▶ _ACTIVITY_
Your answer should be the records, restated word for word.

Records drawn from a dataset
- - -
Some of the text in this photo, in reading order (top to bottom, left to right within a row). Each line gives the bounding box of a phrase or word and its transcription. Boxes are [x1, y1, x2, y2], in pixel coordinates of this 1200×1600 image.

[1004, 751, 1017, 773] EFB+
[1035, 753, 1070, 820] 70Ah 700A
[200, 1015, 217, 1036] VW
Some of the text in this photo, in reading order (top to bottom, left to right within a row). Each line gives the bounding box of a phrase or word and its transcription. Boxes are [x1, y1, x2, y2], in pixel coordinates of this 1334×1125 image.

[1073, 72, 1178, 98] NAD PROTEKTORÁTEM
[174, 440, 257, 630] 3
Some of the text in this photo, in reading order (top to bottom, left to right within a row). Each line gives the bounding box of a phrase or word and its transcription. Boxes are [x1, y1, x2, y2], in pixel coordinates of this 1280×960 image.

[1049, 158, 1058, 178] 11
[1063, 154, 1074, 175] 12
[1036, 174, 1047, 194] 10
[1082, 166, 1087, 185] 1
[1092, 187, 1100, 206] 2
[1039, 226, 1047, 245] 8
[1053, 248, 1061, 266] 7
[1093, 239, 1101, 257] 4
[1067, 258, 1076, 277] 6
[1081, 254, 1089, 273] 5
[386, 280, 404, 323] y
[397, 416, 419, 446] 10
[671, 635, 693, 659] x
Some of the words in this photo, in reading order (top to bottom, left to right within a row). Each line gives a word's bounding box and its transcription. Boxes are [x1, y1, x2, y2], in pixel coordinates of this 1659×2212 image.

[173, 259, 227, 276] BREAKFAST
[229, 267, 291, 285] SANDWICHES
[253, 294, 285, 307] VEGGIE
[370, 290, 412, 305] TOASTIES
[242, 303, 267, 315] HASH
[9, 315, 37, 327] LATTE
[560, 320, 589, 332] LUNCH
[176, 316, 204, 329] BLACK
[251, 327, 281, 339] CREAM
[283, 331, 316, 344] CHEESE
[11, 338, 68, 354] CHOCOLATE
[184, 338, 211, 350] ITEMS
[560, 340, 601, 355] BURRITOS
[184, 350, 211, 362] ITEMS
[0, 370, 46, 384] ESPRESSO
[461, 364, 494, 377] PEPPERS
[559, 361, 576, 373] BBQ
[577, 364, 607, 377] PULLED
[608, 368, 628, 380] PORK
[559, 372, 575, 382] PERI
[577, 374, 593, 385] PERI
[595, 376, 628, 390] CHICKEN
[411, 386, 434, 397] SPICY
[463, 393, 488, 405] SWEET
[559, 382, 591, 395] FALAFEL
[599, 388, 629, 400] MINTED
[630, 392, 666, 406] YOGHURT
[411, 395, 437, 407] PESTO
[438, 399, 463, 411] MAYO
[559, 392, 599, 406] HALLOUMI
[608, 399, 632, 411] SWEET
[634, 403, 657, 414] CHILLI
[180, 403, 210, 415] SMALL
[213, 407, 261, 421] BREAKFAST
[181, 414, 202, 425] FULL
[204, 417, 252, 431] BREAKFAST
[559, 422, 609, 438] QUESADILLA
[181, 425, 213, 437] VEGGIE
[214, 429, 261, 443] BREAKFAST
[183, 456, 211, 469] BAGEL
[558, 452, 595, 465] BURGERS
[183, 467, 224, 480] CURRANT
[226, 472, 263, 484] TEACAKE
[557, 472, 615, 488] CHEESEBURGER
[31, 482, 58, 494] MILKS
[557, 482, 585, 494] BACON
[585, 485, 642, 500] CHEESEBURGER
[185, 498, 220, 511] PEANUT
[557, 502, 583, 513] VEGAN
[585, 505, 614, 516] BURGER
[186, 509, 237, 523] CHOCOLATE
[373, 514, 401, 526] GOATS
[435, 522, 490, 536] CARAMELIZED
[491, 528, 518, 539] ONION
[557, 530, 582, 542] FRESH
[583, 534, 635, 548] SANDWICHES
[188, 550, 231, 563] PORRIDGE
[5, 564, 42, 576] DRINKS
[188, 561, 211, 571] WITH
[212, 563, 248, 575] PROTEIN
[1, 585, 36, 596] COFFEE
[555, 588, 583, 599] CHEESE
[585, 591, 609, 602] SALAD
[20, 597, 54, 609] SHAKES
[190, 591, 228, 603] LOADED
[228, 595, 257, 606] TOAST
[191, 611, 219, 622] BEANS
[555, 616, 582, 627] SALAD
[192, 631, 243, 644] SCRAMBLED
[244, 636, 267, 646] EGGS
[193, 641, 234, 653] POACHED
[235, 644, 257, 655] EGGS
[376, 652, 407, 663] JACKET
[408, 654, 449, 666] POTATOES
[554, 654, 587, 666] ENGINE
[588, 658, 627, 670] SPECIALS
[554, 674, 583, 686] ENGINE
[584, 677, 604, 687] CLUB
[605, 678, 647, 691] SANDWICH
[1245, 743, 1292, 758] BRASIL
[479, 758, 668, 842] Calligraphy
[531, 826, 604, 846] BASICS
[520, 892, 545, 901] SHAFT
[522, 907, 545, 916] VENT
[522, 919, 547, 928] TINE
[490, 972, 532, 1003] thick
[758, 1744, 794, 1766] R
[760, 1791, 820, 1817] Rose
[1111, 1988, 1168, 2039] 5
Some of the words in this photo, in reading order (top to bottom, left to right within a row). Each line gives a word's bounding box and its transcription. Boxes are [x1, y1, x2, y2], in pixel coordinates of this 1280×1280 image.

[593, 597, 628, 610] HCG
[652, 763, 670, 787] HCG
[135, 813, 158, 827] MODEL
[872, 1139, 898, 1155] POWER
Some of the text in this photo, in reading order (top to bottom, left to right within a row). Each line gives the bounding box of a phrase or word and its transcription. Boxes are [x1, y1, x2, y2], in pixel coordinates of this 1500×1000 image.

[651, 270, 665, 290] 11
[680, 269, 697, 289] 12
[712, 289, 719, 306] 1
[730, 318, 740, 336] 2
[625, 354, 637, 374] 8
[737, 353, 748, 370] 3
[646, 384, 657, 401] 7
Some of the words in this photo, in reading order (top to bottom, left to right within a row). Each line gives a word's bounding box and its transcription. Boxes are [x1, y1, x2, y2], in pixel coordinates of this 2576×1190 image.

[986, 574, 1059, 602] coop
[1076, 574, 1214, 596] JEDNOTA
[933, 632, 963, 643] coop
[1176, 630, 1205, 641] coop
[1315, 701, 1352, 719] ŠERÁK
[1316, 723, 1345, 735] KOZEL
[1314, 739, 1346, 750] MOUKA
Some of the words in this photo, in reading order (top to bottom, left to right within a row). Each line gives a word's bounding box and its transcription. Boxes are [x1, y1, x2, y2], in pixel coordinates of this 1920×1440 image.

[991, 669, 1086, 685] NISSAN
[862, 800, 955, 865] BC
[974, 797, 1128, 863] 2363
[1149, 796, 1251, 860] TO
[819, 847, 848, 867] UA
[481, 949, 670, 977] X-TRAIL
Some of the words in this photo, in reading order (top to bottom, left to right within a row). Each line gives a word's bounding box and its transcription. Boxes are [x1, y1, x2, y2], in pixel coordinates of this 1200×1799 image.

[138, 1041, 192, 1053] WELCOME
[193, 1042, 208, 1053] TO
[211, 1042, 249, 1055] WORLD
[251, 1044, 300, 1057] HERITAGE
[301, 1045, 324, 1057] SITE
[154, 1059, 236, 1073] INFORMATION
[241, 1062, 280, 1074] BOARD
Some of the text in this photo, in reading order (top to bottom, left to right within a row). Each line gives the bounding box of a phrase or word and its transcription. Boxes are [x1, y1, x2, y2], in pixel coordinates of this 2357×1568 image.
- - -
▶ _WORKED SOLUTION_
Some of the text in this photo, in reading order (top to bottom, left to right within a row). Each line gives the bounding box of a phrase or word and its transcription. Boxes are [x1, y1, x2, y2], in pixel coordinates of this 1200×1600 image.

[1004, 751, 1017, 773] EFB+
[1035, 753, 1070, 820] 70Ah 700A
[200, 1015, 217, 1036] VW
Some of the text in this photo, in reading order (top to bottom, left to right within a row). Each line gives the bounding box of a phrase or word and its transcription. Boxes are [x1, y1, x2, y2], in pixel coordinates of this 1334×1125 image.

[1073, 72, 1178, 98] NAD PROTEKTORÁTEM
[174, 440, 257, 630] 3
Some of the text in this photo, in reading order (top to bottom, left to right within a row). Each line gives the bounding box of a phrase or word and its transcription. Boxes are [x1, y1, x2, y2], in pixel coordinates of this 1280×960 image.

[1049, 158, 1058, 178] 11
[1063, 154, 1074, 175] 12
[1036, 174, 1047, 194] 10
[1082, 166, 1087, 185] 1
[1092, 187, 1100, 206] 2
[1039, 226, 1047, 245] 8
[1053, 248, 1061, 266] 7
[1093, 239, 1101, 257] 4
[1067, 258, 1076, 277] 6
[1081, 254, 1089, 273] 5
[386, 280, 404, 323] y
[397, 416, 419, 446] 10
[671, 635, 693, 659] x
Some of the words in this photo, in reading order (top to bottom, left to right within a row). Each line gives a word's bounding box and its transcription. Boxes are [x1, y1, x2, y2], in pixel coordinates of this 1659×2212 image.

[173, 259, 227, 276] BREAKFAST
[229, 267, 291, 285] SANDWICHES
[253, 294, 285, 307] VEGGIE
[370, 290, 412, 305] TOASTIES
[242, 303, 267, 315] HASH
[9, 315, 37, 327] LATTE
[560, 320, 589, 332] LUNCH
[176, 316, 204, 329] BLACK
[251, 327, 281, 339] CREAM
[283, 331, 316, 344] CHEESE
[11, 338, 68, 354] CHOCOLATE
[184, 338, 211, 350] ITEMS
[560, 340, 601, 355] BURRITOS
[184, 350, 211, 362] ITEMS
[0, 370, 46, 384] ESPRESSO
[461, 364, 494, 377] PEPPERS
[559, 361, 576, 373] BBQ
[577, 364, 607, 377] PULLED
[608, 368, 628, 380] PORK
[559, 372, 575, 382] PERI
[577, 374, 593, 385] PERI
[595, 376, 628, 390] CHICKEN
[411, 386, 434, 397] SPICY
[463, 393, 488, 405] SWEET
[559, 382, 591, 395] FALAFEL
[599, 388, 629, 400] MINTED
[630, 392, 666, 406] YOGHURT
[411, 395, 437, 407] PESTO
[438, 399, 463, 411] MAYO
[559, 392, 599, 406] HALLOUMI
[608, 399, 632, 411] SWEET
[634, 403, 657, 414] CHILLI
[180, 403, 210, 415] SMALL
[213, 407, 261, 421] BREAKFAST
[181, 414, 202, 425] FULL
[204, 417, 252, 431] BREAKFAST
[559, 422, 609, 438] QUESADILLA
[181, 425, 213, 437] VEGGIE
[214, 429, 261, 443] BREAKFAST
[183, 456, 211, 469] BAGEL
[558, 452, 595, 465] BURGERS
[183, 467, 224, 480] CURRANT
[226, 472, 263, 484] TEACAKE
[557, 472, 615, 488] CHEESEBURGER
[31, 482, 58, 494] MILKS
[557, 482, 585, 494] BACON
[585, 485, 642, 500] CHEESEBURGER
[185, 498, 220, 511] PEANUT
[557, 502, 583, 513] VEGAN
[585, 505, 614, 516] BURGER
[186, 509, 237, 523] CHOCOLATE
[373, 514, 401, 526] GOATS
[435, 522, 490, 536] CARAMELIZED
[491, 528, 518, 539] ONION
[557, 530, 582, 542] FRESH
[583, 534, 635, 548] SANDWICHES
[188, 550, 231, 563] PORRIDGE
[5, 564, 42, 576] DRINKS
[188, 561, 211, 571] WITH
[212, 563, 248, 575] PROTEIN
[1, 585, 36, 596] COFFEE
[555, 588, 583, 599] CHEESE
[585, 591, 609, 602] SALAD
[20, 597, 54, 609] SHAKES
[190, 591, 228, 603] LOADED
[228, 595, 257, 606] TOAST
[191, 611, 219, 622] BEANS
[555, 616, 582, 627] SALAD
[192, 631, 243, 644] SCRAMBLED
[244, 636, 267, 646] EGGS
[193, 641, 234, 653] POACHED
[235, 644, 257, 655] EGGS
[376, 652, 407, 663] JACKET
[408, 654, 449, 666] POTATOES
[554, 654, 587, 666] ENGINE
[588, 658, 627, 670] SPECIALS
[554, 674, 583, 686] ENGINE
[584, 677, 604, 687] CLUB
[605, 678, 647, 691] SANDWICH
[1245, 743, 1292, 758] BRASIL
[479, 758, 668, 842] Calligraphy
[531, 826, 604, 846] BASICS
[520, 892, 545, 901] SHAFT
[522, 907, 545, 916] VENT
[522, 919, 547, 928] TINE
[490, 972, 532, 1003] thick
[758, 1744, 794, 1766] R
[760, 1791, 820, 1817] Rose
[1111, 1988, 1168, 2039] 5
Some of the words in this photo, in reading order (top to bottom, left to right within a row). Each line gives a word's bounding box and its transcription. Boxes are [x1, y1, x2, y2], in pixel coordinates of this 1280×1280 image.

[593, 597, 628, 610] HCG
[652, 763, 670, 787] HCG
[135, 813, 158, 827] MODEL
[872, 1139, 898, 1155] POWER
Some of the text in this photo, in reading order (top to bottom, left to right within a row). Each line gives the bounding box of a phrase or word and its transcription. Boxes are [x1, y1, x2, y2], in pixel coordinates of this 1500×1000 image.

[651, 270, 665, 290] 11
[680, 269, 697, 289] 12
[712, 289, 719, 306] 1
[730, 318, 740, 336] 2
[625, 354, 637, 374] 8
[737, 353, 748, 370] 3
[646, 384, 657, 401] 7
Some of the words in this photo, in reading order (top to bottom, left to right within a row). Each line gives a word's bounding box and its transcription. Boxes are [x1, y1, x2, y2], in pixel coordinates of this 2576×1190 image.

[986, 574, 1059, 602] coop
[1076, 574, 1214, 596] JEDNOTA
[933, 632, 963, 643] coop
[1176, 630, 1205, 641] coop
[1315, 701, 1352, 719] ŠERÁK
[1316, 723, 1345, 735] KOZEL
[1314, 739, 1346, 750] MOUKA
Some of the words in this photo, in reading order (top to bottom, left to right within a row). Each line gives a word's bounding box and its transcription. Boxes are [x1, y1, x2, y2], in pixel coordinates of this 1920×1440 image.

[991, 669, 1086, 685] NISSAN
[862, 800, 955, 865] BC
[974, 797, 1128, 863] 2363
[1149, 796, 1251, 860] TO
[819, 847, 848, 867] UA
[481, 949, 670, 977] X-TRAIL
Some of the words in this photo, in reading order (top to bottom, left to right within a row). Each line gives a word's bounding box and its transcription. Boxes are [x1, y1, x2, y2], in pixel coordinates of this 1200×1799 image.

[138, 1041, 192, 1053] WELCOME
[193, 1042, 208, 1053] TO
[211, 1042, 249, 1055] WORLD
[251, 1044, 300, 1057] HERITAGE
[301, 1045, 324, 1057] SITE
[154, 1059, 236, 1073] INFORMATION
[241, 1062, 280, 1074] BOARD
Some of the text in this photo, in reading order (top to bottom, left to right within a row). Each line gives the bounding box of a phrase or word and its transcription. Boxes are [x1, y1, x2, y2], in pixel coordinates of this 2357×1568 image.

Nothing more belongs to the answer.